Oklahoma is the first state to require employers of all sizes and configurations to choose to either provide their workers specified benefits and procedural protocols found within the workers comp statute or to introduce a state-approved defined benefit plan that automatically responds following an on-the-job injury. The state’s Qualified Employer Election Option (“employer option”) requires both types of plans carry equal benefits.

The law came about after employers told Gov. Mary Fallin the state faced no employment growth if it failed to fix its workers comp system. They said cost was a decisive reason they were not growing operations in the state or were considering leaving. The employer-option idea originated from the efforts of a small state association of employers providing their state legislators with information about a Texas benefit plan.

In 1911, Texas legislators passed a law saying employers were not mandated to carry workers compensation and could instead face legal liability for employee injuries. Few Texas employers and retail brokers knew workers comp was not mandatory until around 1989 when the state experienced a severe market capacity problem after several years of poor underwriting results. Assigned risk became the primary option for many employers in Texas at much higher rates.

This was the beginning of my 25-year specialization with the alternative to workers compensation. At the time, Lloyd’s of London provided the insurance protection employers required to comfortably leave the traditional plan and move to a “non-subscription” option. Today, a third of Texas employees rely on the non-subscription system, even though Texas is now a growth state for many workers compensation carriers.

A recent Oregon study ranked Texas at 36th nationwide in workers comp premium costs. Carrier involvement today includes many admitted markets. Responsible employers provide medical, wage replacement, and AD&D benefits through a defined benefit plan, but this is still not mandated.

On the heels of success in Oklahoma, a national association called the Association for Responsible Alternative to Workers Compensation (ARAWC) was formed to help other state-based groups bring employer-option-style legislation to their state. ARAWC, pronounced A-rock, exists to give state legislators an understanding of the benefits an employer-option platform provides when the employer is part of the process instead of just the payer. The size of the data this group provides can no longer be considered an aberration.

One national brokerage has geared up to use the Oklahoma employer option to show current and prospective clients how their firm stays on top of market innovations. What employer does not want to hear about options when speaking of labor costs? Nationally, brokers should learn more, either to continue to be that trusted advisor, bringing options to their clients’ attention, or to defensively prevent a competitor from being the new trusted advisor. Competition will also come from a whole new group: the benefits brokerage. With a benefit plan as the platform to disburse specified benefits, this group is already knowledgeable in benefit plan development and claim management.

Is a form of 24-hour coverage in the foreseeable future? If the employer provides a “health plan,” short- and long-term disability, and an occupational injury benefit plan, where is the need for the property and casualty broker?

Naysayers of granting employers an option rely on the premise that the legacy workers compensation system exists to protect the employee from employer abuse.
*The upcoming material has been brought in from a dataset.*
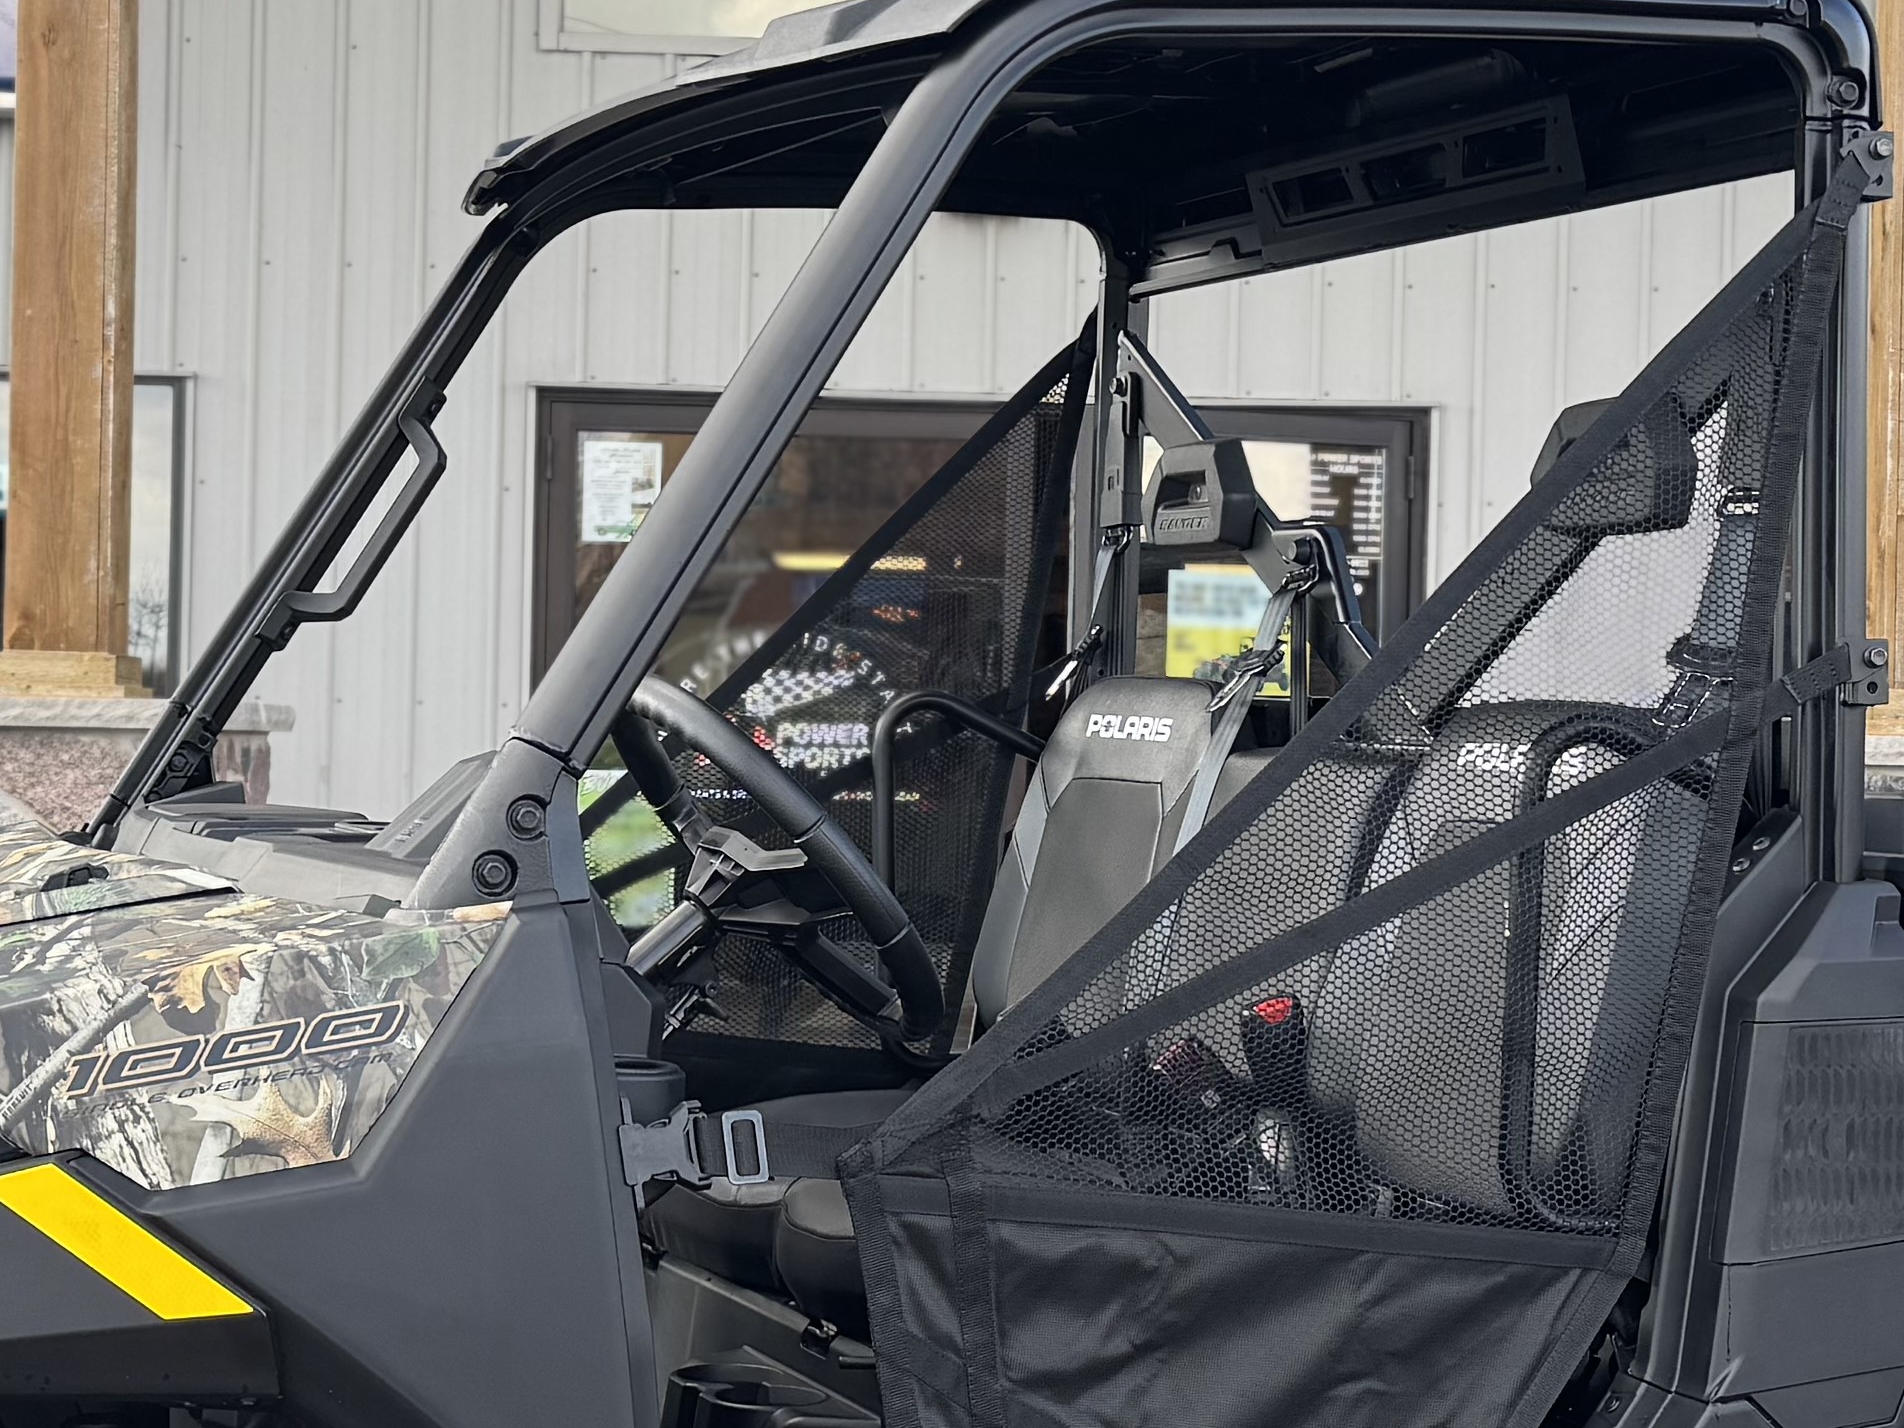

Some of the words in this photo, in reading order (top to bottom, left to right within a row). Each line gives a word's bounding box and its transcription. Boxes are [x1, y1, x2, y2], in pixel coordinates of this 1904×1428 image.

[1085, 713, 1174, 743] POLARIS
[65, 1000, 411, 1100] 1000
[177, 1062, 325, 1099] OVERHEAD
This was true 100 years ago because there was no OSHA, Department of Labor, or other regulatory groups. But with numerous state and federal rules, laws and commercial business constraints employers must adhere to daily, being forced to work within a platform that specifically excludes the employer is offensive.

I have seen employer-option clients incur thousands of injuries, several of which were life-altering (or ending). Each has been managed by a group of claims professionals focused on assuring the employee is provided the best care while also holding those providing the services to a higher standard of care and response. Through this process, certain medical providers fall outside the approved provider list. No matter what the added cost is to work around this issue (added transportation expense, overnight lodging expense, and so on), it is nominal compared to accepting subpar performance or an indifference to the well-being of the patient.

One bonus is physician groups that would not accept workers comp due to its strict fee schedules or cumbersome reporting criteria openly accept a benefit plan patient.

Recent stories on hospital price variance for the same procedure are not limited to the healthcare segment. Option adjustors are trained to manage claims under the benefit plan structure, and they are able negotiate prompt-pay discounts and other avenues to hold down costs.

ARAWC members are in varying industries with differing employee population sizes, yet by operating under a defined benefit plan, all have experienced improved employee outcomes and shorter claim life through removal of procedural barriers—and at a lower cost. One national company that moved to the non-subscription option in Texas has posted $5 million in annual savings. What was a consistent $5.5 million to $6 million charge for Texas employee injuries shrank to $750,000 after just 12 months on the new plan. Ultimately, claims totalled less than $860,000 for the fiscal year.

An important element of these alternative benefit plans is the rights of the employee. Employee protections found within the Oklahoma law and other benefit plans regulated by the Department of Labor are built into the benefit plan document. Any adverse benefit decision is subject to a clearly specified appeals process.

More states need an employer option to workers comp to provide free market competition and choice to employers. Check out the employer-option plan idea and the work of ARAWC. You might find something you like.